Dedicado con mucho cariño a aquellas personas que se sienten traicionados… Si tú actuaste bien y con lealtad, no sufras, pues quien pierde, NO ERES TÚ.
Voy a tomar un verso prestado de Maria Emilia Cornejo para escribir sobre algo que me dijeron y me dejó pensando.
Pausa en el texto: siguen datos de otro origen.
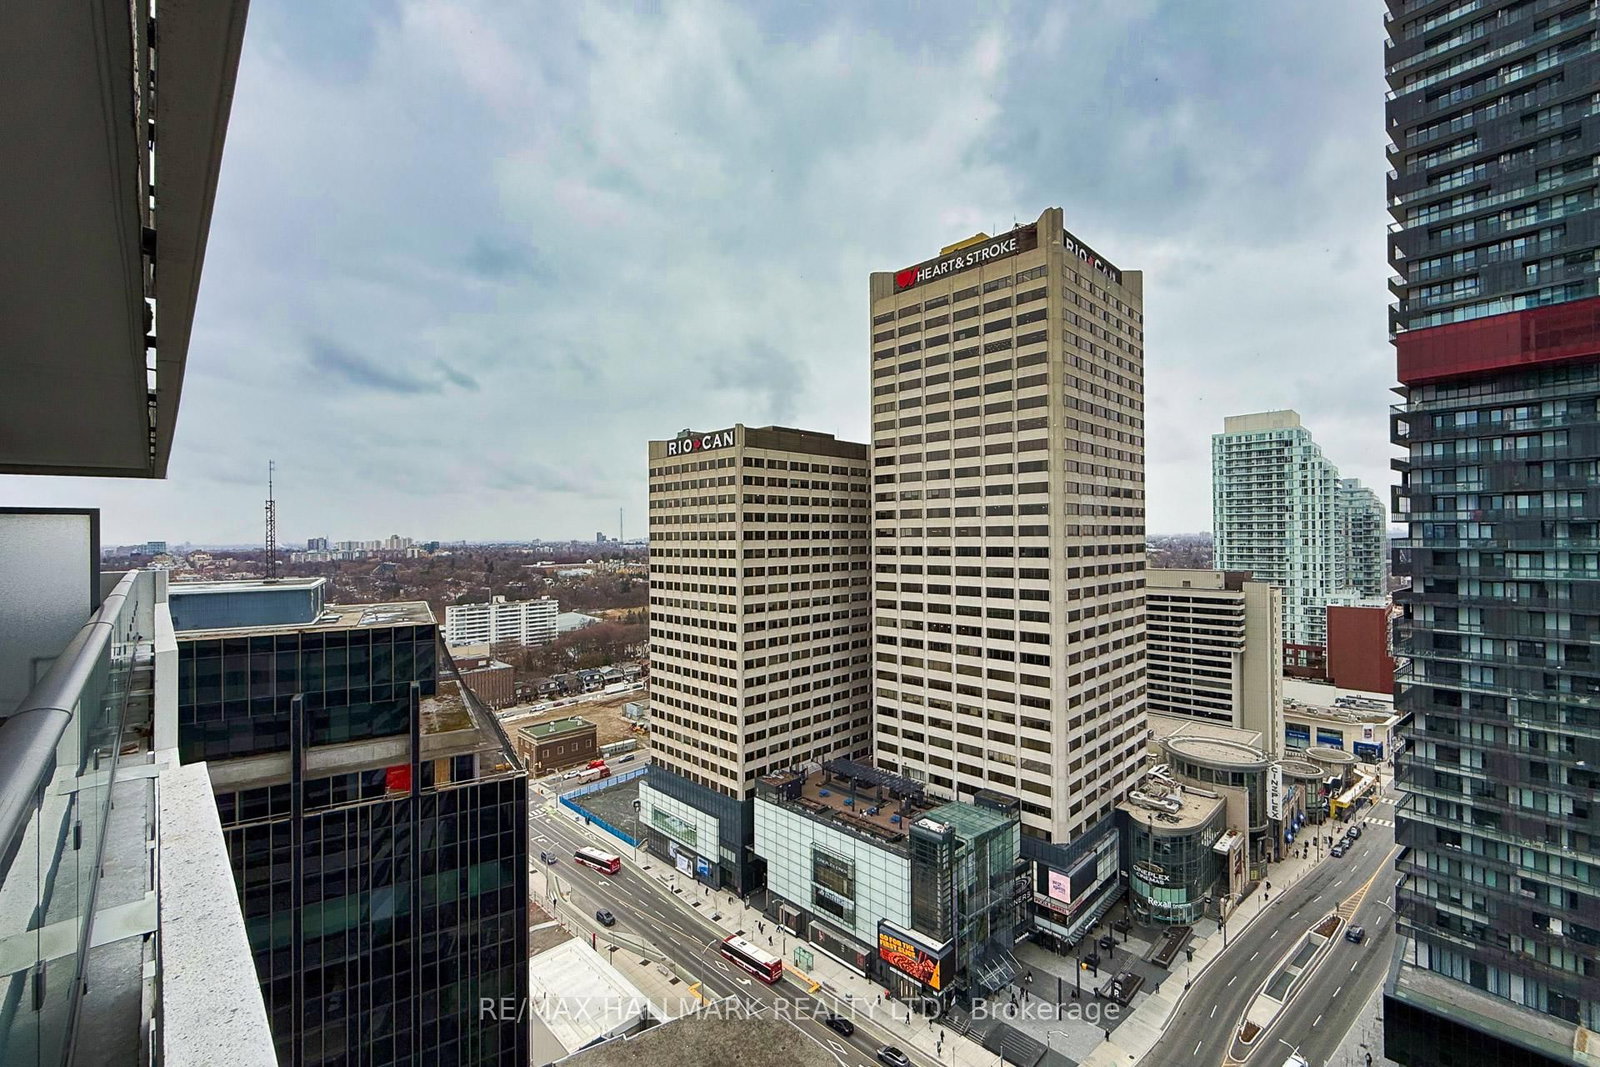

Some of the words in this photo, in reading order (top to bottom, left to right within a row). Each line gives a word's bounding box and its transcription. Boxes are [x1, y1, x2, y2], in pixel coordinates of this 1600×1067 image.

[1271, 766, 1279, 819] CINEPLEX
[1132, 864, 1170, 882] CINEPLEX
[1136, 872, 1165, 885] CINEMAS
[1147, 896, 1171, 908] Rexall
[889, 936, 902, 945] FOR
[902, 942, 915, 952] THE
Este post no va dirigido a UNA persona, sino a varias…
Soy la muchacha mala de la historia la que no te responde cuando le hablas, la que le ignora como le da la gana.
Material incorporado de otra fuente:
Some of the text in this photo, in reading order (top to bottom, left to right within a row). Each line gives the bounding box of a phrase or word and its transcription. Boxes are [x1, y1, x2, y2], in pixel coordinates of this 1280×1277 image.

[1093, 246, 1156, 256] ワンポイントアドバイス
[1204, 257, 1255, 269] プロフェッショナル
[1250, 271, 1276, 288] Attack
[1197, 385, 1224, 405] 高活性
Soy la muchacha mala de esta vida porque la vivo como se me antoja y por el solo placer de ser libre no le da explicaciones a nadie, ni siquiera en su propia casa.
Soy perversa, cruel y desalmada porque no me rompo en pedazos con cada desaire suyo y porque me llega a la teta tus ganas de hablarme.
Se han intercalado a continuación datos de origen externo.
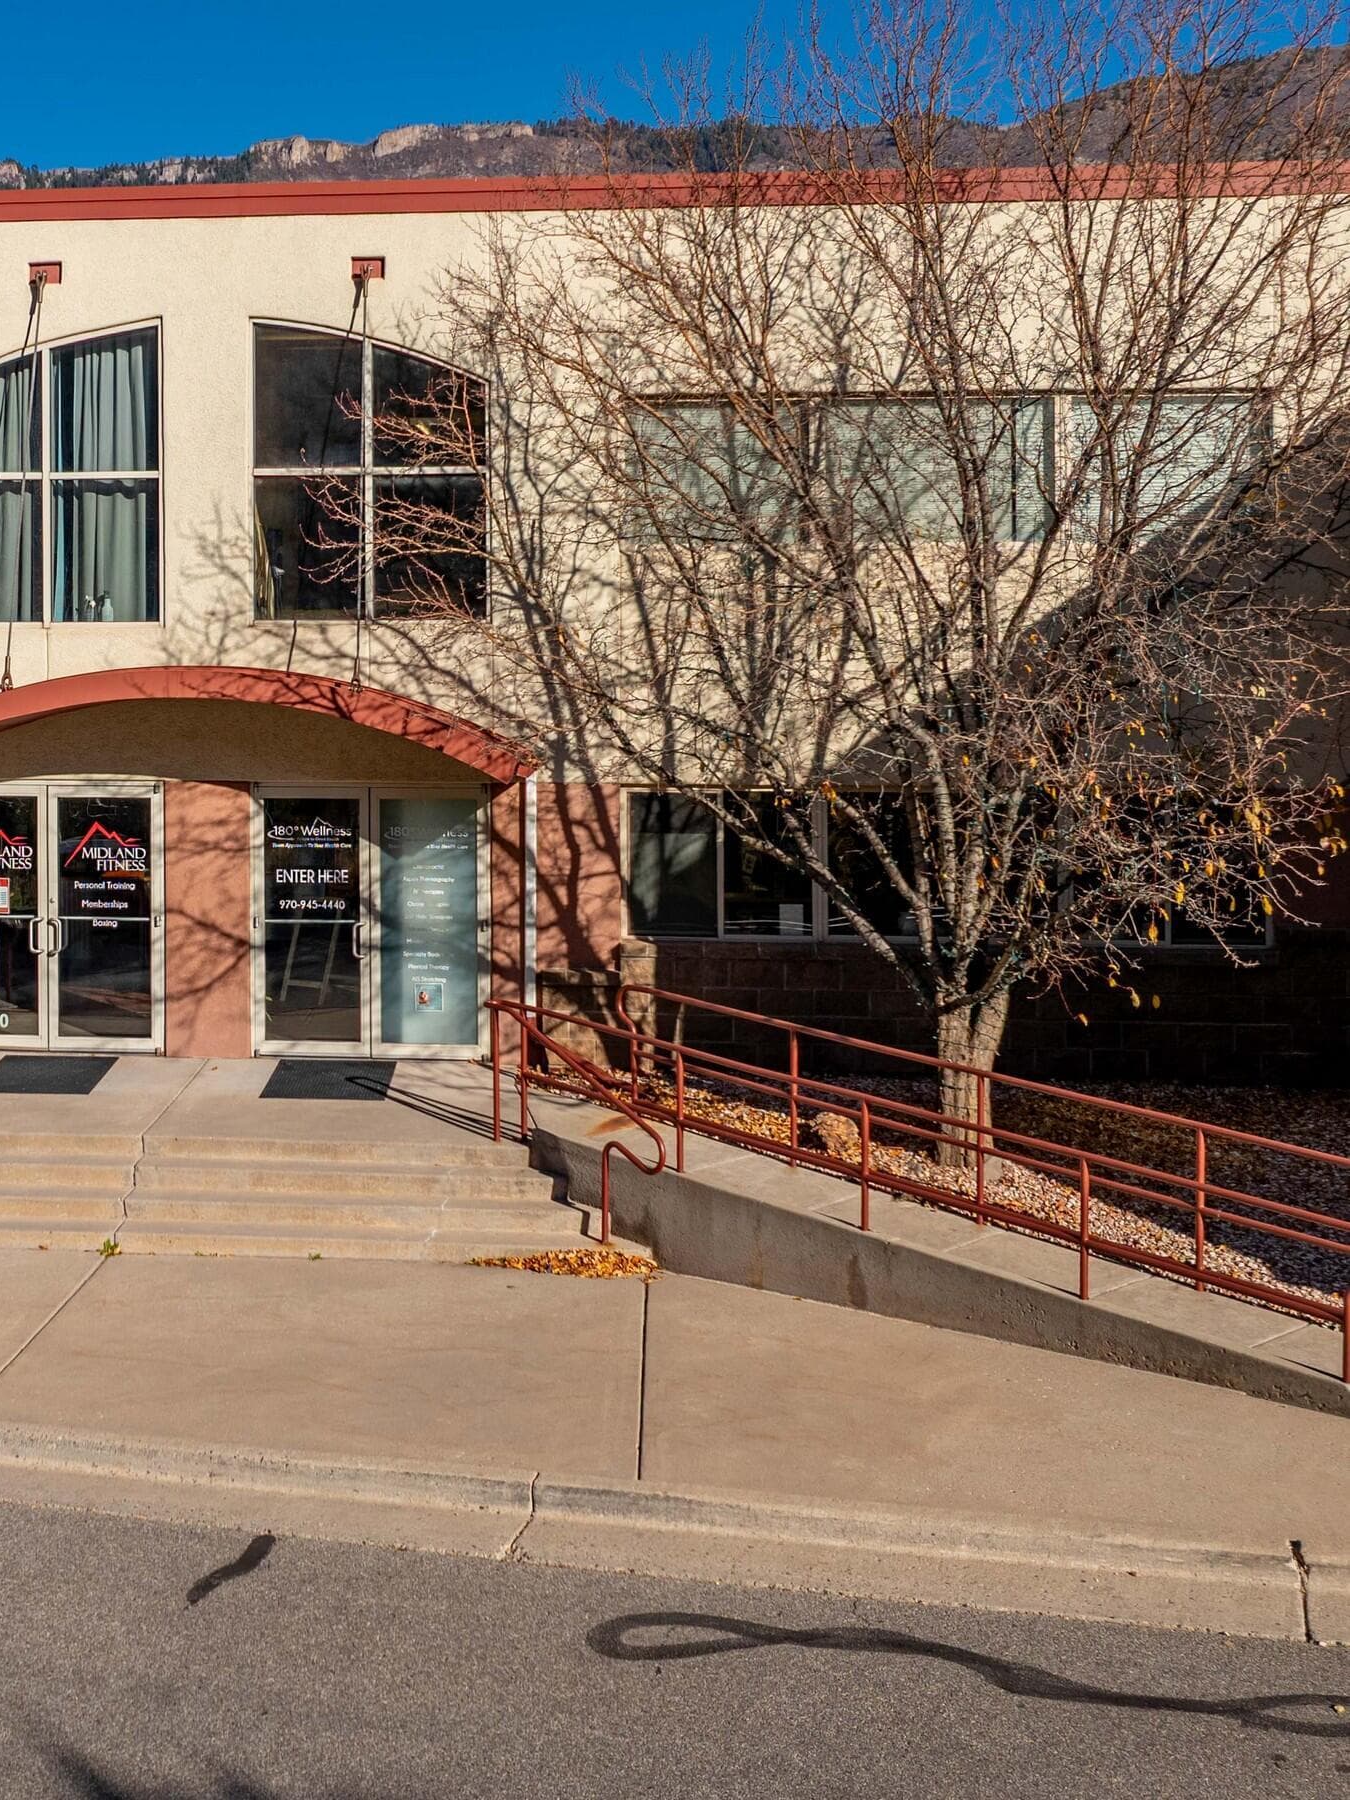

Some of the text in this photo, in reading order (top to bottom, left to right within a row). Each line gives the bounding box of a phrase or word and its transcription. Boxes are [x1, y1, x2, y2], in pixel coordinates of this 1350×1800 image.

[300, 824, 352, 836] Wellness
[81, 847, 146, 860] MIDLAND
[96, 860, 146, 872] FITNESS
[276, 869, 349, 884] ENTER HERE
[74, 880, 136, 891] Personal Training
[81, 899, 128, 910] Memberships
[279, 899, 346, 910] 970-945-4440
[92, 918, 118, 928] Boxing
Soy la mujer que engaña a todos cotidianamente, dices, por un miserable puñado de atención y lo que quizá no saben es que mi interés repentino es arreciado por otros y que termina con un ¡qué pena!
Soy ligera, vanidosa, orgullosa y perversa… Tal vez sí, tal vez no, todo depende de las ganas que tenga porque hasta para ser «mala» no debes tener flojera.
Soy hereje, antipática, odiosa y todo lo hago adrede… Eso dices, eso dicen y lo cierto es que mucho de ello es verdad.
Pero lo más triste de todo es que mientras se revientan el hígado, buscándole un nuevo rasgo a mi maldad, yo continúo con mi vida y solo me acuerdo de ustedes cuando tras un trago amical, alguien me menciona sus nombres y me comenta alguna novedad, que como bien dije, ya me dejo de interesar.
No me conocen, es obvio, pero qué se le puede hacer cuando pululan cerca de ti infelicidad, mezquindad, hipocresía, toda bien disfrazada tras tanta superficialidad.
Quitándole la frase ahora a una mocosa igualada que tuve la desgracia de conocer: «Qué aburridas que son».